#### [WORK REQUIRED]
Exact transcription of the data below is required, without the images.
——————————
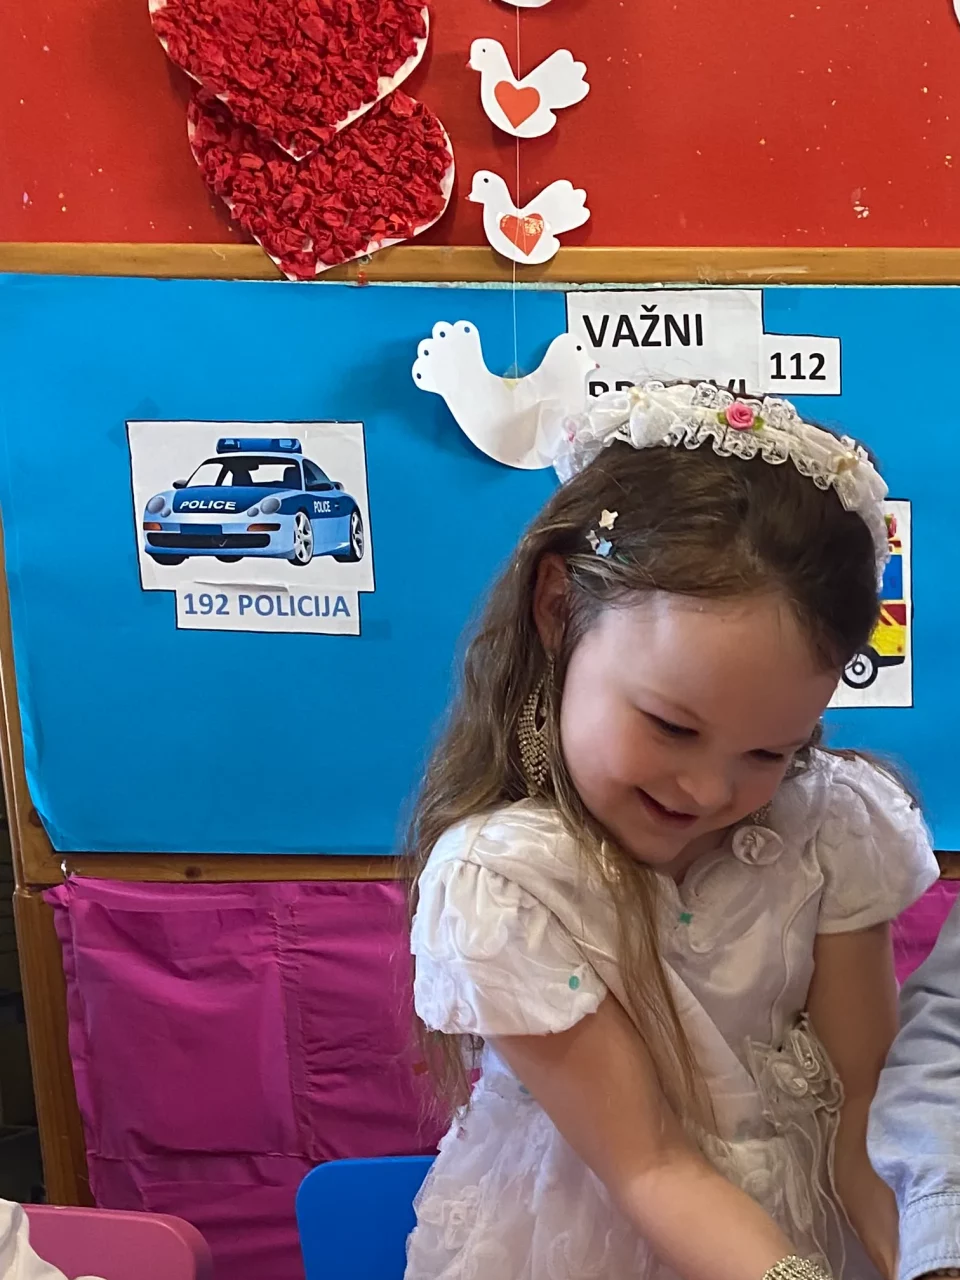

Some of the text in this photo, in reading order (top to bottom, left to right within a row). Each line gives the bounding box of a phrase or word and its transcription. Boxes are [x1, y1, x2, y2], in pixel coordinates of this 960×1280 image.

[582, 304, 703, 347] VAŽNI
[770, 352, 826, 380] 112
[180, 500, 236, 510] POLICE
[313, 500, 331, 513] POLICE
[184, 593, 351, 617] 192 POLICIJA
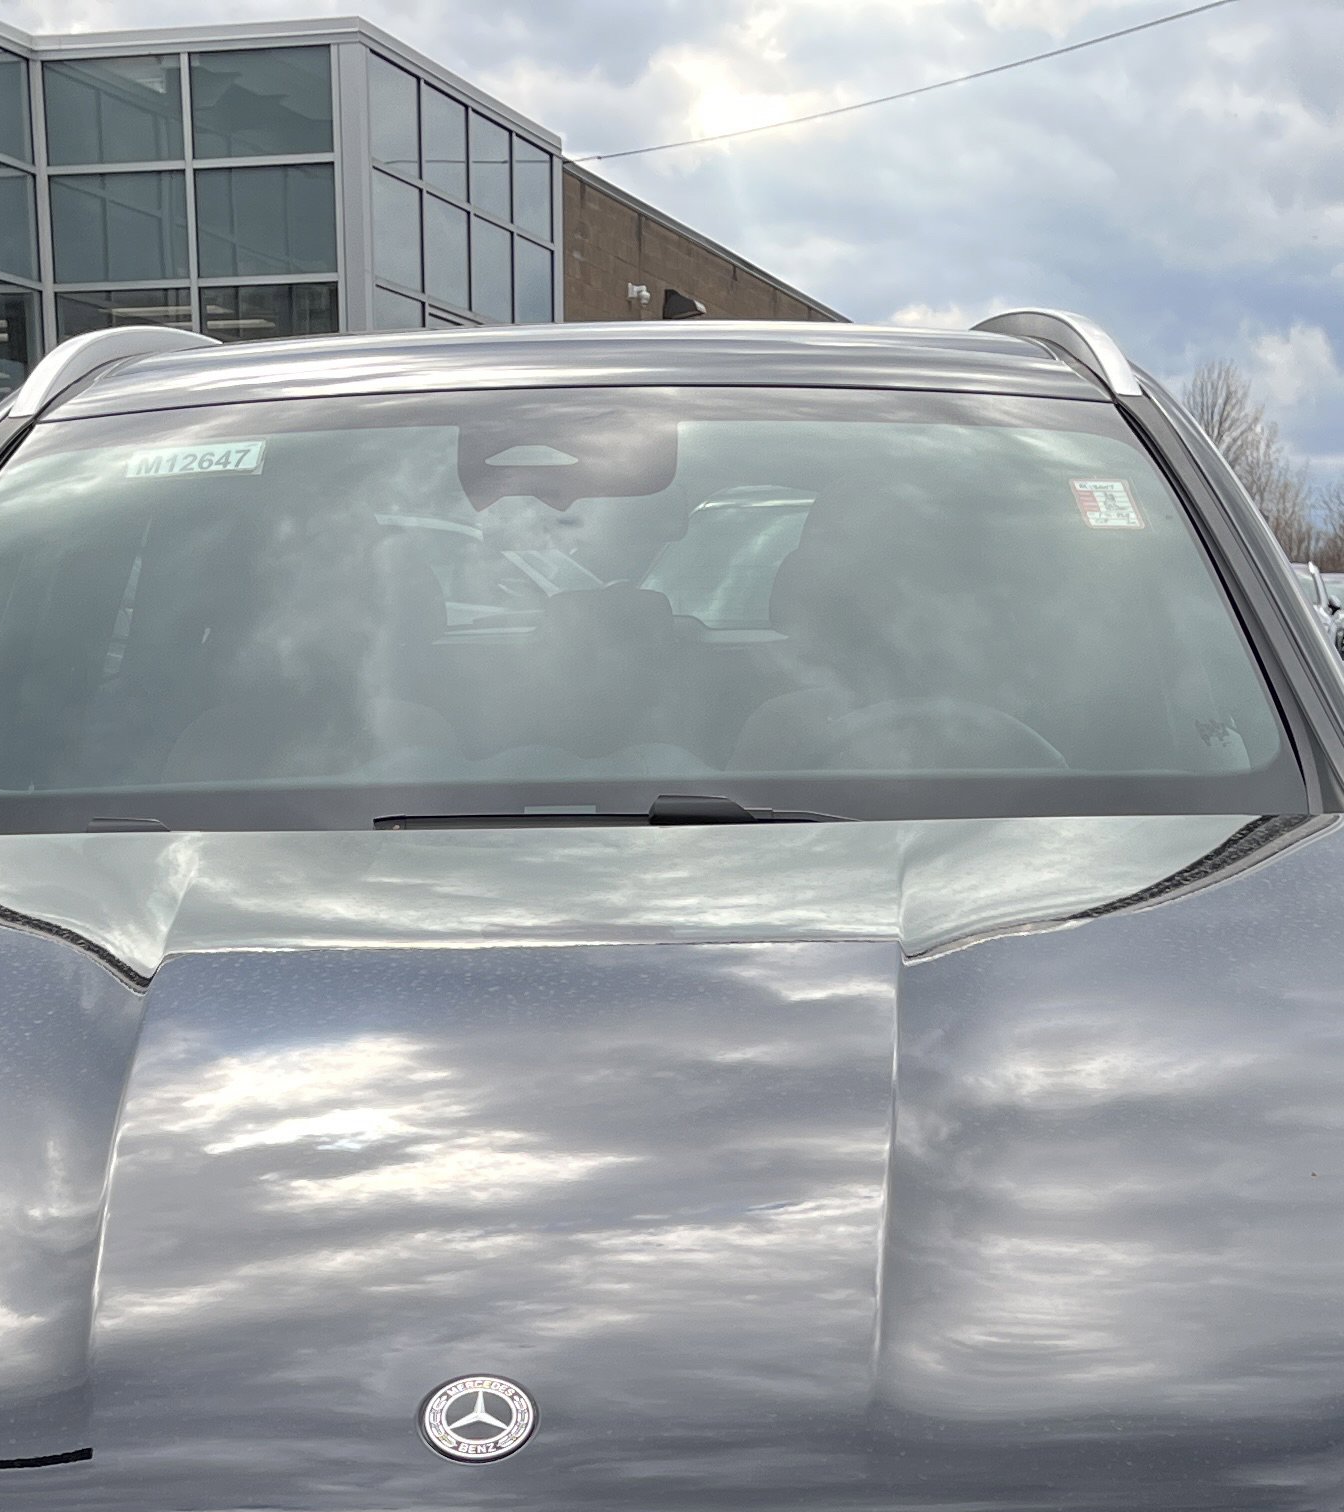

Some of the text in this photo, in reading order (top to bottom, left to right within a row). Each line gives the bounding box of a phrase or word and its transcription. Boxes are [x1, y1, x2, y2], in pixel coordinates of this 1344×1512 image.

[135, 448, 252, 475] M12647
[447, 1379, 514, 1397] MERCEDES
[458, 1442, 497, 1454] BENZ
——————————
#### [TASK OUTPUT]
Some of the text in this photo, in reading order (top to bottom, left to right within a row). Each line gives the bounding box of a phrase or word and its transcription. Boxes are [x1, y1, x2, y2], in pixel coordinates of this 960×1280 image.

[582, 304, 703, 347] VAŽNI
[770, 352, 826, 380] 112
[180, 500, 236, 510] POLICE
[313, 500, 331, 513] POLICE
[184, 593, 351, 617] 192 POLICIJA

Some of the text in this photo, in reading order (top to bottom, left to right within a row). Each line gives the bounding box of a phrase or word and its transcription. Boxes are [x1, y1, x2, y2], in pixel coordinates of this 1344×1512 image.

[135, 448, 252, 475] M12647
[447, 1379, 514, 1397] MERCEDES
[458, 1442, 497, 1454] BENZ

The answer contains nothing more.